Legacy

Spring 2019
Issues/Contents
Keith Negley
Feature

Brain explorers

U OF M RESEARCHERS ARE DEMYSTIFYING OUR NERVE CENTER THANKS TO AN AWARD THAT ENCOURAGES THEM TO ASK “WHAT IF?”

A. David Redish is a neuroscientist, a teacher, and a Distinguished McKnight University Professor at the University of Minnesota. But there’s another title he prefers above all others: explorer.

“As researchers, we really are explorers,” Redish says. “If we knew what we were going to find, it wouldn’t be science.”

A desire to know the unknown is at the heart of any scientist’s pursuit. But the reality is that conducting research costs money. And finding funding to explore truly uncharted terrain is difficult, if not impossible. Major funders such as the National Institutes of Health (NIH) want to see that a project already shows promise before they’ll risk backing it. So how do researchers like Redish get their big ideas off the ground? 

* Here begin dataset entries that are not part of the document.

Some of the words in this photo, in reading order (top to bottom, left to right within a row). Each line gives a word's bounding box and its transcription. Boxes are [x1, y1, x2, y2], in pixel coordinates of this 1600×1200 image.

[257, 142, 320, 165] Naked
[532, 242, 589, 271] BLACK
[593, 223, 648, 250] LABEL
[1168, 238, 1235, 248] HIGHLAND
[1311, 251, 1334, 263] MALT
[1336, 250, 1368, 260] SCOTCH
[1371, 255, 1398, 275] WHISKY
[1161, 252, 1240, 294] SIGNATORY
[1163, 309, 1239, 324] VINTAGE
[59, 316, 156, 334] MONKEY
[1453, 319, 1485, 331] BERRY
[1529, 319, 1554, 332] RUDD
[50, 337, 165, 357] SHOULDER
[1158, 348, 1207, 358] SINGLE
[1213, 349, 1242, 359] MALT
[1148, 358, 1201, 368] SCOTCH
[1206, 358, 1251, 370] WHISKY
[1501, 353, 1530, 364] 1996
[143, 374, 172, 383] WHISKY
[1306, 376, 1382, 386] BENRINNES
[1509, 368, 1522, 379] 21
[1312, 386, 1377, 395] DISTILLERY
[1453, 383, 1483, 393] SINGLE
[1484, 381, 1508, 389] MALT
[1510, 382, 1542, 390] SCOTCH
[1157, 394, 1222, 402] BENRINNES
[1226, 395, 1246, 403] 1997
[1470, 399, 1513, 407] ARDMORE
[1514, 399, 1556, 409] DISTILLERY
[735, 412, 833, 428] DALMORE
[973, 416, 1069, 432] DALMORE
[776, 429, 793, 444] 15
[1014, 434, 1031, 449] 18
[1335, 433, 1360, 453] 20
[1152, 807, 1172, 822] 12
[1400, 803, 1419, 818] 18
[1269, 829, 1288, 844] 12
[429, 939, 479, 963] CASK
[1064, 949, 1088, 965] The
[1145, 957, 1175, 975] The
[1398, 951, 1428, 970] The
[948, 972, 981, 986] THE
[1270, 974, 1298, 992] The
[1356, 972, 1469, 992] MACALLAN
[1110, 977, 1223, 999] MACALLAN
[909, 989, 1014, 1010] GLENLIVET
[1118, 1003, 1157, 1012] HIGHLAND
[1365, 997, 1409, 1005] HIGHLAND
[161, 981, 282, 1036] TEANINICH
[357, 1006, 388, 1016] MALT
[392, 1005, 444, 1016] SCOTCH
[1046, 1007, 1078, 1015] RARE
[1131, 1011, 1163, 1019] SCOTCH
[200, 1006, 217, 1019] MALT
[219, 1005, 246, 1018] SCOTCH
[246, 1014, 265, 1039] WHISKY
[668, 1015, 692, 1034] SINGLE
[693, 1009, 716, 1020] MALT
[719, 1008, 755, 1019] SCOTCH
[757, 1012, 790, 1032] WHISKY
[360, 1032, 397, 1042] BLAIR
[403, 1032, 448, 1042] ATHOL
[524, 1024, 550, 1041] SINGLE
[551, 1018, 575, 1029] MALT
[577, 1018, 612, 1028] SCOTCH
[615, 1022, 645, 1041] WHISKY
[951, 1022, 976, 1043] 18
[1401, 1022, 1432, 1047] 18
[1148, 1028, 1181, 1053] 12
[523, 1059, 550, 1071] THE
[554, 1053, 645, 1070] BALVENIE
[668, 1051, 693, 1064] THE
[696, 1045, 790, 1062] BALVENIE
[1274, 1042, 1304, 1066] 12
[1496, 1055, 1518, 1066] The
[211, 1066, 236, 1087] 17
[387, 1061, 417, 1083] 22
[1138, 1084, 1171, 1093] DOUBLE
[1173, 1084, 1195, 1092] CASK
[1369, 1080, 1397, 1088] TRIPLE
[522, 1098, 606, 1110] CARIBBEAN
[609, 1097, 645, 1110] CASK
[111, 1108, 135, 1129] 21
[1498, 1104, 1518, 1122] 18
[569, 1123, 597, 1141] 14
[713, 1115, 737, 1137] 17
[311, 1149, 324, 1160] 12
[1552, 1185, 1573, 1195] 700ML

That’s where awards like those from the Winston and Maxine Wallin Neuroscience Discovery Fund come in. Established in 2011 with a gift from the former Medtronic CEO and his wife and supported annually by the Wallin family and other donors, the fund gives researchers with promising ideas the boost they need to move ahead with their work. “The Wallin Fund really gives us the opportunity to explore, go hunting, and get that evidence we need for further study,” Redish says. “It enables us to try crazy stuff.”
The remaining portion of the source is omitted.